Dictionary of National Biography, 1885-1900/Hamey, Baldwin (1568-1640)
HAMEY, BALDWIN, the elder, M.D. (1568–1640), physician, descended from Odo de Hame, who served under the Count of Flanders at the siege of Acre, was born at Bruges in 1568. His parents, though much impoverished by the exactions of Alva, sent him to the university of Leyden, where he graduated M.D. Soon after, in 1592, he was nominated by the university physician to the czar of Muscovy, Theodore Ivanovitz, in accordance with a request for a distinguished physician sent to the rector by that emperor. In 1598 he obtained leave, with difficulty, to resign his post in Russia and returned to Holland, where he married, at Amsterdam, Sara Oeils, and in the same year settled in London, where he was admitted a licentiate of the College of Physicians on 12 Jan. 1610, and practised with success till his death, of a pestilential fever, 10 Nov. 1640. He was buried on the north side of the church of All Hallows Barking, near the Tower of London, 12 Nov. 1640, and his three children erected a monument in the church to his memory.
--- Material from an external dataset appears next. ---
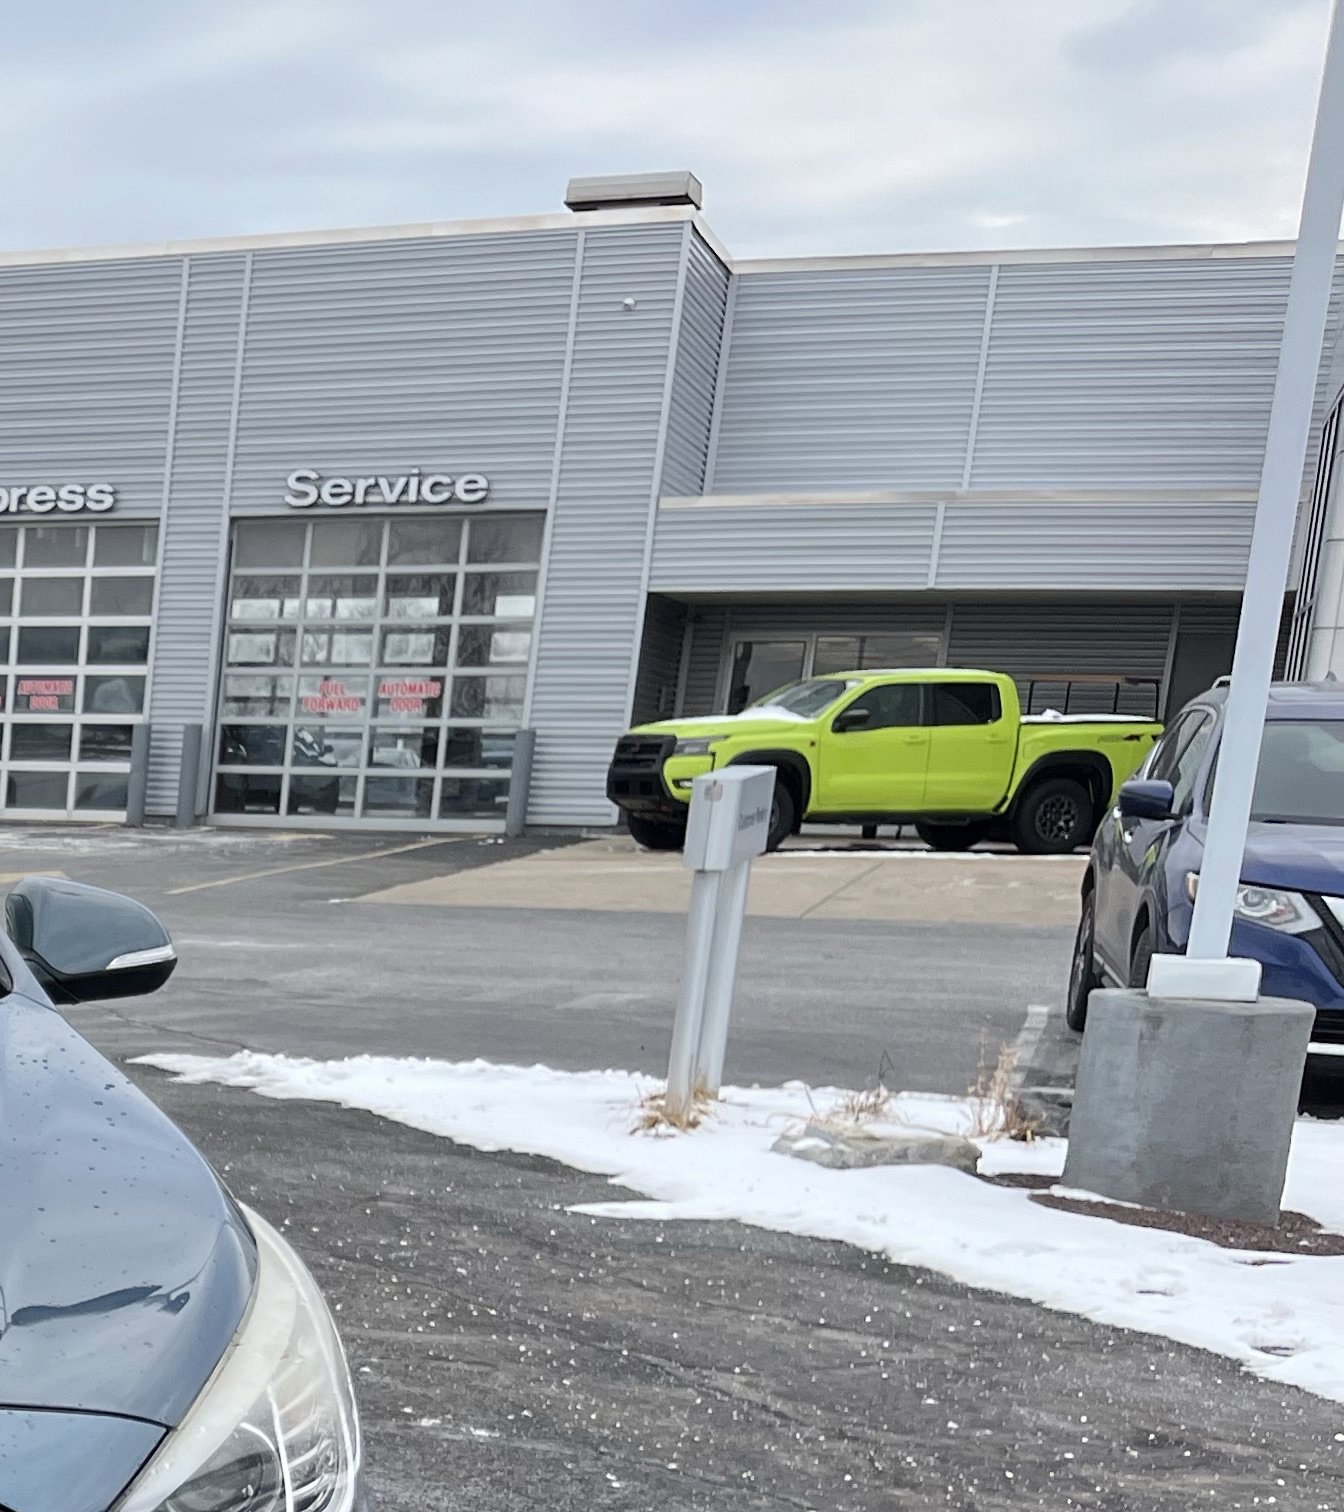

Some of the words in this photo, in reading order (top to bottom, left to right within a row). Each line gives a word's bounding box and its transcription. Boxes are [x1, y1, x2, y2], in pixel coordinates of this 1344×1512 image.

[284, 467, 489, 507] Service
[378, 681, 441, 697] AUTOMATIC
[303, 697, 361, 712] FORWARD
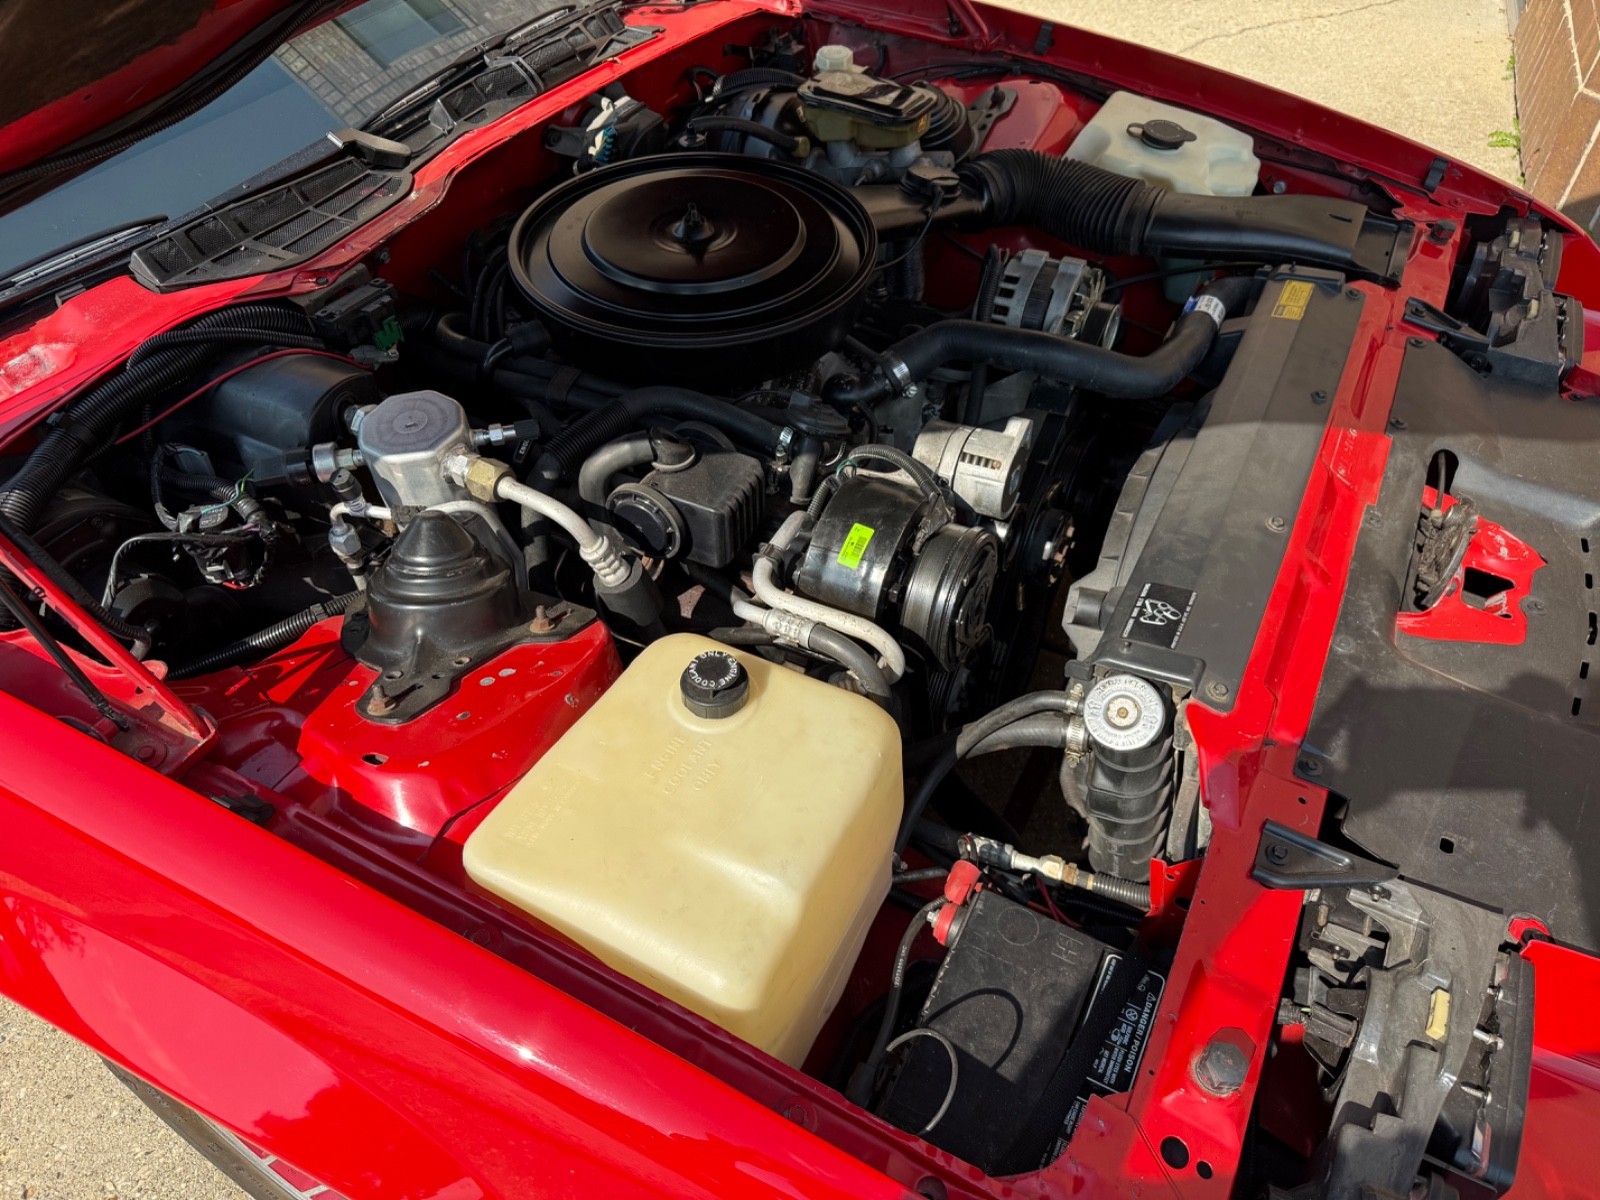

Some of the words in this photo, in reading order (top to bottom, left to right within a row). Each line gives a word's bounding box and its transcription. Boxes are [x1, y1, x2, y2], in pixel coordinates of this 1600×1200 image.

His eldest son, Baldwin [q. v.], became a physician, his second son a merchant in London, and his daughter married Mr. Palmer, whose descendants possessed Hamey's portrait by Cornelius Jansen. He bequeathed 20l. to the College of Physicians.
[Munk's Coll. of Phys. i. 153; Hamey's Bustorum Aliquot Reliquiæ, in manuscript at the College of Physicians (copy), pp. 15–36; Palmer's Life of the most eminent Dr. Baldwin Hamey, in manuscript at the College of Physicians.]